→ **WHAT IS NEEDED**
The entries below should be output exactly as written.
------
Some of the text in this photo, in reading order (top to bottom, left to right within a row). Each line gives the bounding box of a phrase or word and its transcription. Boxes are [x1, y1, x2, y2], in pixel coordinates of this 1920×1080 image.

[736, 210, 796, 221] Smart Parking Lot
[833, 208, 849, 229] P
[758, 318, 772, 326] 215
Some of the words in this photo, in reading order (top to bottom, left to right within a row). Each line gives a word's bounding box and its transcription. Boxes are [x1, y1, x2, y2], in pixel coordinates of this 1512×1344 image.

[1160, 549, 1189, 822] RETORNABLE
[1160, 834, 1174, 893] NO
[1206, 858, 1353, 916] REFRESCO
------
→ **RESPONSE TO THE TASK**
Some of the text in this photo, in reading order (top to bottom, left to right within a row). Each line gives the bounding box of a phrase or word and its transcription. Boxes are [x1, y1, x2, y2], in pixel coordinates of this 1920×1080 image.

[736, 210, 796, 221] Smart Parking Lot
[833, 208, 849, 229] P
[758, 318, 772, 326] 215
Some of the words in this photo, in reading order (top to bottom, left to right within a row). Each line gives a word's bounding box and its transcription. Boxes are [x1, y1, x2, y2], in pixel coordinates of this 1512×1344 image.

[1160, 549, 1189, 822] RETORNABLE
[1160, 834, 1174, 893] NO
[1206, 858, 1353, 916] REFRESCO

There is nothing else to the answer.